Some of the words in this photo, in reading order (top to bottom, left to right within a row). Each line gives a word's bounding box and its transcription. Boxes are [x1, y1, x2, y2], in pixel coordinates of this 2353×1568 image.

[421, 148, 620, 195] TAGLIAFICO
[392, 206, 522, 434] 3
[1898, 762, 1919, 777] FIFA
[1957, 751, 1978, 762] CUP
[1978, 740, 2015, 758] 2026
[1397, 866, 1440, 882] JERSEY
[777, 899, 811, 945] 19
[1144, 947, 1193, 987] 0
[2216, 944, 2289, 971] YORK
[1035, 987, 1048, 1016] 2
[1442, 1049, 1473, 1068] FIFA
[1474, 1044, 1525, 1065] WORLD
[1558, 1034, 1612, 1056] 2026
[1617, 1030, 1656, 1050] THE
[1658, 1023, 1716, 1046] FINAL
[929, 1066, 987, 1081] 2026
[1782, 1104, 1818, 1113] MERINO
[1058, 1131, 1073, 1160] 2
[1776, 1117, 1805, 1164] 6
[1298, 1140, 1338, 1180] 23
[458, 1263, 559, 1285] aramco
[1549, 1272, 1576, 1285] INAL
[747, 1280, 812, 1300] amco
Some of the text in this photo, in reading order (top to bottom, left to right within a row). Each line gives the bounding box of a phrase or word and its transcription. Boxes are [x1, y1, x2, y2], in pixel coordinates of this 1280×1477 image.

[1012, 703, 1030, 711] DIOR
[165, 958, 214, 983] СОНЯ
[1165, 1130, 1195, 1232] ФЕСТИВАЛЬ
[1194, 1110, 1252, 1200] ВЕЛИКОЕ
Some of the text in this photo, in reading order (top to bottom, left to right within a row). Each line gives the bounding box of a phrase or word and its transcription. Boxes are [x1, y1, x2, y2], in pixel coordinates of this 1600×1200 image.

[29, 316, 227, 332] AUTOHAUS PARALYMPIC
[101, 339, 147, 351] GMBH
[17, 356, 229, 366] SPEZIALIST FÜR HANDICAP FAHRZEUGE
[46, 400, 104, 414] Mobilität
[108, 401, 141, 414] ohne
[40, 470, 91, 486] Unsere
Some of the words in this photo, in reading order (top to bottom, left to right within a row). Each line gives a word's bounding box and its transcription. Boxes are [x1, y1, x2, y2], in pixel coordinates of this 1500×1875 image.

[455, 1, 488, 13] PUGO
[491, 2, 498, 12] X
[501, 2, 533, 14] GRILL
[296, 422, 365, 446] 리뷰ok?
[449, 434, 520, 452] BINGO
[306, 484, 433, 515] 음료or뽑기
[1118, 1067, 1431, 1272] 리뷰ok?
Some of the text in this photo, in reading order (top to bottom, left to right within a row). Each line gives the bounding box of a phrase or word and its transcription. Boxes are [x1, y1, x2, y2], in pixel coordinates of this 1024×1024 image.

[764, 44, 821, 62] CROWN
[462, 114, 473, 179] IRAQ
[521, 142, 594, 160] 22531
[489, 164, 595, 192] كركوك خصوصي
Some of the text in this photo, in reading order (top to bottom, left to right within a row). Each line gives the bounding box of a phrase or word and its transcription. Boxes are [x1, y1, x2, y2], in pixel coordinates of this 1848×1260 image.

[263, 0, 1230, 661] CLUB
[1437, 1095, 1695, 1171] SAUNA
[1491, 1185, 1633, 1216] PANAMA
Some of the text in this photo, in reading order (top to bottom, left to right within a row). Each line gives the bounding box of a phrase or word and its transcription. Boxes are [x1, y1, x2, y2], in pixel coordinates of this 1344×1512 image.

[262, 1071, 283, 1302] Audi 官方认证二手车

Exercise aim = Could you restate every record above word for word?

Response below =
Some of the words in this photo, in reading order (top to bottom, left to right within a row). Each line gives a word's bounding box and its transcription. Boxes are [x1, y1, x2, y2], in pixel coordinates of this 2353×1568 image.

[421, 148, 620, 195] TAGLIAFICO
[392, 206, 522, 434] 3
[1898, 762, 1919, 777] FIFA
[1957, 751, 1978, 762] CUP
[1978, 740, 2015, 758] 2026
[1397, 866, 1440, 882] JERSEY
[777, 899, 811, 945] 19
[1144, 947, 1193, 987] 0
[2216, 944, 2289, 971] YORK
[1035, 987, 1048, 1016] 2
[1442, 1049, 1473, 1068] FIFA
[1474, 1044, 1525, 1065] WORLD
[1558, 1034, 1612, 1056] 2026
[1617, 1030, 1656, 1050] THE
[1658, 1023, 1716, 1046] FINAL
[929, 1066, 987, 1081] 2026
[1782, 1104, 1818, 1113] MERINO
[1058, 1131, 1073, 1160] 2
[1776, 1117, 1805, 1164] 6
[1298, 1140, 1338, 1180] 23
[458, 1263, 559, 1285] aramco
[1549, 1272, 1576, 1285] INAL
[747, 1280, 812, 1300] amco
Some of the text in this photo, in reading order (top to bottom, left to right within a row). Each line gives the bounding box of a phrase or word and its transcription. Boxes are [x1, y1, x2, y2], in pixel coordinates of this 1280×1477 image.

[1012, 703, 1030, 711] DIOR
[165, 958, 214, 983] СОНЯ
[1165, 1130, 1195, 1232] ФЕСТИВАЛЬ
[1194, 1110, 1252, 1200] ВЕЛИКОЕ
Some of the text in this photo, in reading order (top to bottom, left to right within a row). Each line gives the bounding box of a phrase or word and its transcription. Boxes are [x1, y1, x2, y2], in pixel coordinates of this 1600×1200 image.

[29, 316, 227, 332] AUTOHAUS PARALYMPIC
[101, 339, 147, 351] GMBH
[17, 356, 229, 366] SPEZIALIST FÜR HANDICAP FAHRZEUGE
[46, 400, 104, 414] Mobilität
[108, 401, 141, 414] ohne
[40, 470, 91, 486] Unsere
Some of the words in this photo, in reading order (top to bottom, left to right within a row). Each line gives a word's bounding box and its transcription. Boxes are [x1, y1, x2, y2], in pixel coordinates of this 1500×1875 image.

[455, 1, 488, 13] PUGO
[491, 2, 498, 12] X
[501, 2, 533, 14] GRILL
[296, 422, 365, 446] 리뷰ok?
[449, 434, 520, 452] BINGO
[306, 484, 433, 515] 음료or뽑기
[1118, 1067, 1431, 1272] 리뷰ok?
Some of the text in this photo, in reading order (top to bottom, left to right within a row). Each line gives the bounding box of a phrase or word and its transcription. Boxes are [x1, y1, x2, y2], in pixel coordinates of this 1024×1024 image.

[764, 44, 821, 62] CROWN
[462, 114, 473, 179] IRAQ
[521, 142, 594, 160] 22531
[489, 164, 595, 192] كركوك خصوصي
Some of the text in this photo, in reading order (top to bottom, left to right within a row). Each line gives the bounding box of a phrase or word and its transcription. Boxes are [x1, y1, x2, y2], in pixel coordinates of this 1848×1260 image.

[263, 0, 1230, 661] CLUB
[1437, 1095, 1695, 1171] SAUNA
[1491, 1185, 1633, 1216] PANAMA
Some of the text in this photo, in reading order (top to bottom, left to right within a row). Each line gives the bounding box of a phrase or word and its transcription. Boxes are [x1, y1, x2, y2], in pixel coordinates of this 1344×1512 image.

[262, 1071, 283, 1302] Audi 官方认证二手车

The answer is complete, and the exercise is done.